Hundreds of people in a Mexican municipality have fallen ill with the suspicion falling on meat contaminated with Clenbuterol.
Officials in Seyé, in the Mexican state of Yucatan, said the incident involves up to 500 people but no deaths have been reported. The first alert about the poisoning was made this past week.
Patients were seen by the district’s doctor and sent to a hospital in the town of Acenceh but the local town hall also had to be converted into a temporary medical facility to handle the number of people who were sick.

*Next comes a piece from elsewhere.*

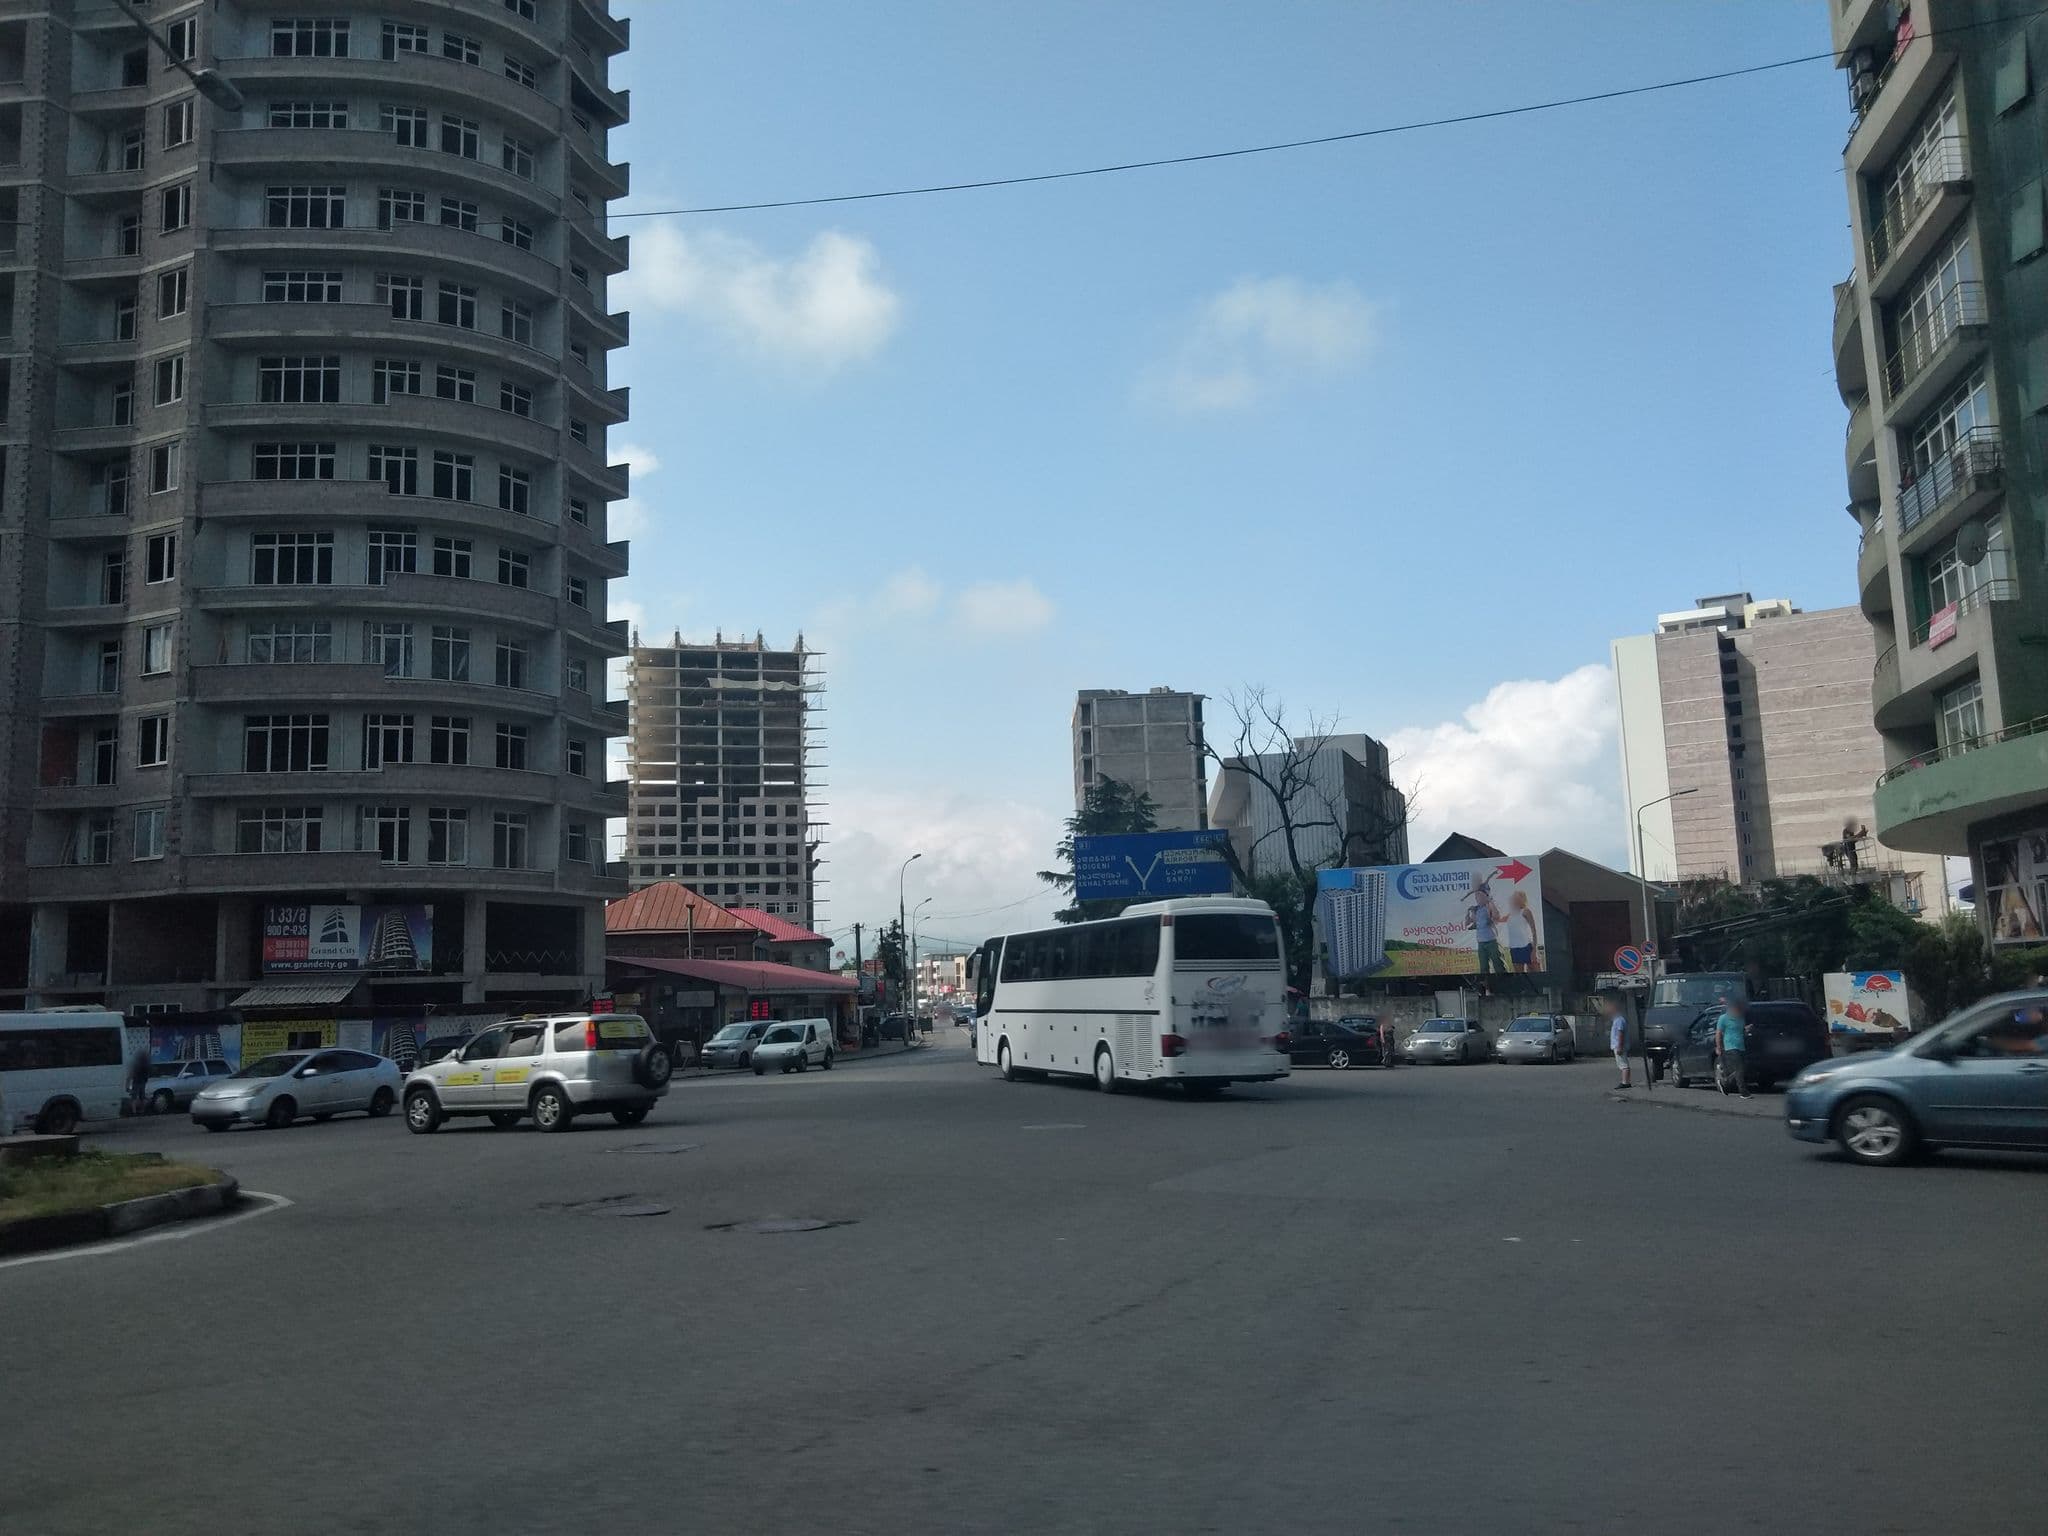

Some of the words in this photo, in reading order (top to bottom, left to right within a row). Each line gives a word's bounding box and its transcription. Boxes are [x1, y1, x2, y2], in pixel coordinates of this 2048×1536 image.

Preliminary analyzes suggests a high probability that people were poisoned because of the presence of Clenbuterol in meat they ate, but some test results are still pending.
Clenbuterol is used in livestock to promote growth, despite being banned, but can cause symptoms including headaches, increased sweating, insomnia, nausea, possible muscle spasms, and increased blood pressure. Symptoms usually occur shortly after consuming contaminated food, and last for two to six days.
Illness has been linked to consumption of Cochinita Pibil, which is a traditional Yucatan dish that includes pork.
Officials have closed the outlet where the food that poisoned dozens of residents was believed to have been prepared and they are visiting suppliers of the business to carry out checks to try to find the source of the problem.
In 2020, more than 50 people fell sick in the Mexican state of Morelos after eating meat contaminated with Clenbuterol.